#### Work request
Retype each entry below exactly as it stands.

#### Task material

● ● ● ● ●

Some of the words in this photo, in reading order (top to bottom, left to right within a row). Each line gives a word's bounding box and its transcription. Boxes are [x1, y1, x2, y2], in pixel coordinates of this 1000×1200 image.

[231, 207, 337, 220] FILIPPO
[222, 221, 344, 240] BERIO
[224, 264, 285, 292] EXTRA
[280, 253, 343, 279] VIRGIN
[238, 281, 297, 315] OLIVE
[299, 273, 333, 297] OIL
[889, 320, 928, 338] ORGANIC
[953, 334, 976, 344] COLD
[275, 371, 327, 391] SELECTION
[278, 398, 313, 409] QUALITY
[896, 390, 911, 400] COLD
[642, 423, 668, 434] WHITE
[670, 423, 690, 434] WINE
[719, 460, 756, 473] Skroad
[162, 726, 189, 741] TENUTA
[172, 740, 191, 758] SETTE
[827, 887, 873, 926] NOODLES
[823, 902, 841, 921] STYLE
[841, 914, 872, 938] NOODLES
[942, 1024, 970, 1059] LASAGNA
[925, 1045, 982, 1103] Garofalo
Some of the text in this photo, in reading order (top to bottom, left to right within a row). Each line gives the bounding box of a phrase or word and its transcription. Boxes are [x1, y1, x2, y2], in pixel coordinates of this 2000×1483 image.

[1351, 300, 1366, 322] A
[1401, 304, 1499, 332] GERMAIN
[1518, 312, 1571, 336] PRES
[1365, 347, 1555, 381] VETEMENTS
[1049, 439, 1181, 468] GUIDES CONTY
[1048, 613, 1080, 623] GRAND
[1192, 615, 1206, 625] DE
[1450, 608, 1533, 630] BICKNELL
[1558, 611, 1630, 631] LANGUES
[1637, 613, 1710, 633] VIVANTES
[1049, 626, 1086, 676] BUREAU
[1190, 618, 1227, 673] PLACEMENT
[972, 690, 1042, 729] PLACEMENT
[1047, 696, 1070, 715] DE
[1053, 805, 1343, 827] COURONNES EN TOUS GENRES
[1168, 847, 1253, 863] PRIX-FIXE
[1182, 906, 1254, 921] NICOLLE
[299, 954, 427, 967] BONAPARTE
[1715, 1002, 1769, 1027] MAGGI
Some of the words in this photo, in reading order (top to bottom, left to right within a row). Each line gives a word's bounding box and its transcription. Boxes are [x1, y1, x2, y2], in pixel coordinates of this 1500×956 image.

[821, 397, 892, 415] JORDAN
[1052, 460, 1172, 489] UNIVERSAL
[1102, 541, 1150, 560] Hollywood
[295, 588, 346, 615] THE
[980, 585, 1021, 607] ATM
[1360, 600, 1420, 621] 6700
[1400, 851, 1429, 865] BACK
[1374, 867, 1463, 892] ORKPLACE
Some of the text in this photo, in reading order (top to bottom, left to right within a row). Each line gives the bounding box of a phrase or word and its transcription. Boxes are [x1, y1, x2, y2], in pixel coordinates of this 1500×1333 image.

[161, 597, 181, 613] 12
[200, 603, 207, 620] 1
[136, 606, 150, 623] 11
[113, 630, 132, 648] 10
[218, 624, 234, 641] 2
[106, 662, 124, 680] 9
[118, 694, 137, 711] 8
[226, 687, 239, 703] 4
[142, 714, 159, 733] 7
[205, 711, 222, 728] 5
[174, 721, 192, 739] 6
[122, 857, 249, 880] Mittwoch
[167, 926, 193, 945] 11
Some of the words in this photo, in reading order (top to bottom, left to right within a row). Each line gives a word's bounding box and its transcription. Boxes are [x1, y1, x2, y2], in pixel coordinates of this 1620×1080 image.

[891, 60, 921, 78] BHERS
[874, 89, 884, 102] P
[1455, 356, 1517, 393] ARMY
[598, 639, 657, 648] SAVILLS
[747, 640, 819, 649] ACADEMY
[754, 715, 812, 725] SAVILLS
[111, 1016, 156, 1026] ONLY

● ● ● ● ●

#### Worked solution
Some of the words in this photo, in reading order (top to bottom, left to right within a row). Each line gives a word's bounding box and its transcription. Boxes are [x1, y1, x2, y2], in pixel coordinates of this 1000×1200 image.

[231, 207, 337, 220] FILIPPO
[222, 221, 344, 240] BERIO
[224, 264, 285, 292] EXTRA
[280, 253, 343, 279] VIRGIN
[238, 281, 297, 315] OLIVE
[299, 273, 333, 297] OIL
[889, 320, 928, 338] ORGANIC
[953, 334, 976, 344] COLD
[275, 371, 327, 391] SELECTION
[278, 398, 313, 409] QUALITY
[896, 390, 911, 400] COLD
[642, 423, 668, 434] WHITE
[670, 423, 690, 434] WINE
[719, 460, 756, 473] Skroad
[162, 726, 189, 741] TENUTA
[172, 740, 191, 758] SETTE
[827, 887, 873, 926] NOODLES
[823, 902, 841, 921] STYLE
[841, 914, 872, 938] NOODLES
[942, 1024, 970, 1059] LASAGNA
[925, 1045, 982, 1103] Garofalo
Some of the text in this photo, in reading order (top to bottom, left to right within a row). Each line gives the bounding box of a phrase or word and its transcription. Boxes are [x1, y1, x2, y2], in pixel coordinates of this 2000×1483 image.

[1351, 300, 1366, 322] A
[1401, 304, 1499, 332] GERMAIN
[1518, 312, 1571, 336] PRES
[1365, 347, 1555, 381] VETEMENTS
[1049, 439, 1181, 468] GUIDES CONTY
[1048, 613, 1080, 623] GRAND
[1192, 615, 1206, 625] DE
[1450, 608, 1533, 630] BICKNELL
[1558, 611, 1630, 631] LANGUES
[1637, 613, 1710, 633] VIVANTES
[1049, 626, 1086, 676] BUREAU
[1190, 618, 1227, 673] PLACEMENT
[972, 690, 1042, 729] PLACEMENT
[1047, 696, 1070, 715] DE
[1053, 805, 1343, 827] COURONNES EN TOUS GENRES
[1168, 847, 1253, 863] PRIX-FIXE
[1182, 906, 1254, 921] NICOLLE
[299, 954, 427, 967] BONAPARTE
[1715, 1002, 1769, 1027] MAGGI
Some of the words in this photo, in reading order (top to bottom, left to right within a row). Each line gives a word's bounding box and its transcription. Boxes are [x1, y1, x2, y2], in pixel coordinates of this 1500×956 image.

[821, 397, 892, 415] JORDAN
[1052, 460, 1172, 489] UNIVERSAL
[1102, 541, 1150, 560] Hollywood
[295, 588, 346, 615] THE
[980, 585, 1021, 607] ATM
[1360, 600, 1420, 621] 6700
[1400, 851, 1429, 865] BACK
[1374, 867, 1463, 892] ORKPLACE
Some of the text in this photo, in reading order (top to bottom, left to right within a row). Each line gives the bounding box of a phrase or word and its transcription. Boxes are [x1, y1, x2, y2], in pixel coordinates of this 1500×1333 image.

[161, 597, 181, 613] 12
[200, 603, 207, 620] 1
[136, 606, 150, 623] 11
[113, 630, 132, 648] 10
[218, 624, 234, 641] 2
[106, 662, 124, 680] 9
[118, 694, 137, 711] 8
[226, 687, 239, 703] 4
[142, 714, 159, 733] 7
[205, 711, 222, 728] 5
[174, 721, 192, 739] 6
[122, 857, 249, 880] Mittwoch
[167, 926, 193, 945] 11
Some of the words in this photo, in reading order (top to bottom, left to right within a row). Each line gives a word's bounding box and its transcription. Boxes are [x1, y1, x2, y2], in pixel coordinates of this 1620×1080 image.

[891, 60, 921, 78] BHERS
[874, 89, 884, 102] P
[1455, 356, 1517, 393] ARMY
[598, 639, 657, 648] SAVILLS
[747, 640, 819, 649] ACADEMY
[754, 715, 812, 725] SAVILLS
[111, 1016, 156, 1026] ONLY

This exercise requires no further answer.